すぐそばからコツコツと、硬いものが踏みしめる音が聞こえた。男は窓枠正面の壁を背にズリズリと崩れ落ちた。逃げてきた窓枠の外を凝視する。コツコツと音が徐々に近づいてくる。恐怖に染まった頭では逃げる為の方法は思いつかない。
「…一撫で。たった一撫で、撫でてやる。無様に生きたいのなら耐えて見せろ。」
月がまた雲に隠れたのだろう。暗闇の中から、そう声がした。声がしたと思ったら、ヒュッと音がし次の瞬間、男の肉体は横に三等分されていた。
「げっ、げべ…。」
能力者故の高い生命力で、男は自分の胴体から頭が落ちるのを見る。頭は一回転して、窓枠の方を向いた。窓枠の外のその闇の中から、髪が腰ぐらいまである肩幅の広い男が出てきた。 男の顔は、いつの間にか雲から顔を出した月の光によって逆光となり見えない。
「…無事?ってあんたに聞くことでもないか。」
そう声が聞こえた。若い女の声だ。男の隣に、スタイルのいい女の影が映りこむ。手には、この時代軍事警察部の主流となっているM2230B4スナイパーライフルが握られている。少し先のまだ崩れていない四階建ての屋上部分からそれで狙い打ったようだ。
「蟲?」
女が唐突に尋ねる。だがそれは、疑問というより確認だった。《蟲》能力者じゃなくても、このナノマシンを飲むことで能力者となることができるもので、何処の誰が初めに作ったのかは謎に包まれており、またこの《蟲》は凶悪な性質を持っている。体内にて、一定の大きさまで成長し、その一定の大きさを超えると、脳内を食い荒らし元の人を意のままに操るというものだ。
「…ああ。」
男はギチギチと嫌悪感を催す様な八本足のサソリのようなものが、頭部の空洞になっている本来目の部分から抜け出してきたのを見下ろしながら、簡潔に答える。
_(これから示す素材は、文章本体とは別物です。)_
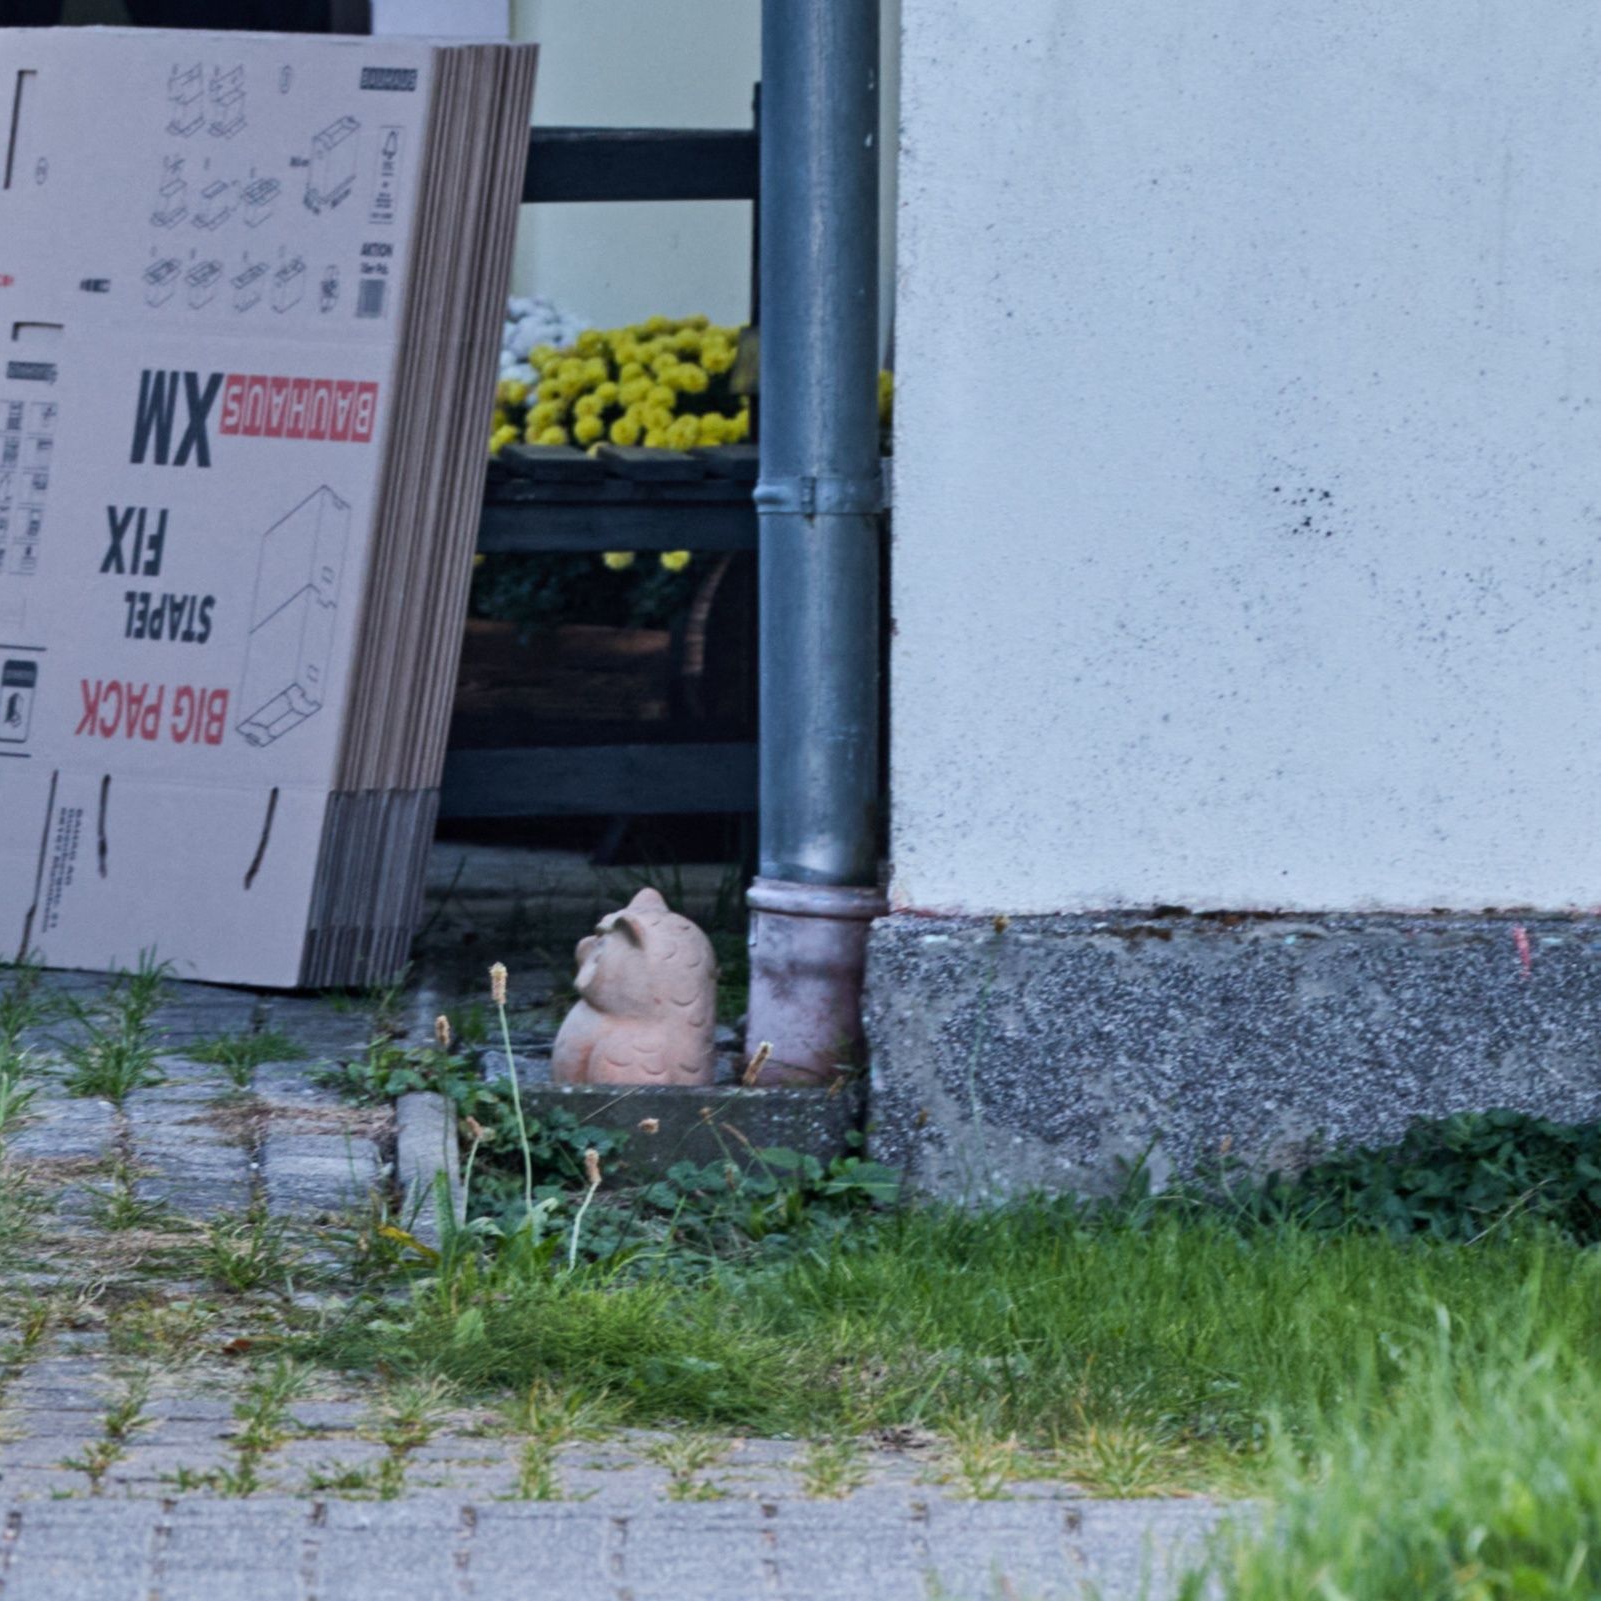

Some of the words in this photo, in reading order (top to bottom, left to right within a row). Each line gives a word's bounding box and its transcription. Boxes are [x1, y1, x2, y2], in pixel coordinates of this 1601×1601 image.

「対能力者用の特殊金属弾じゃなかったらヤバかったわね。」
「…そうだな。」
男と女は世間話のように話をしながら三分割された男に近づく。左手を開き、人差し指と中指をピッタリくっつけ、死体に向かって振り下ろした。青い炎が何も無いところから噴出し、死体を焼いてゆく。腐った肉が焼ける匂いを無視し、死体が焼けるのを見ていた二人だったが、炎の中で《蟲》が蠢き、崩れていくのを見ると、また月の隠れた夜闇の中に消えていった。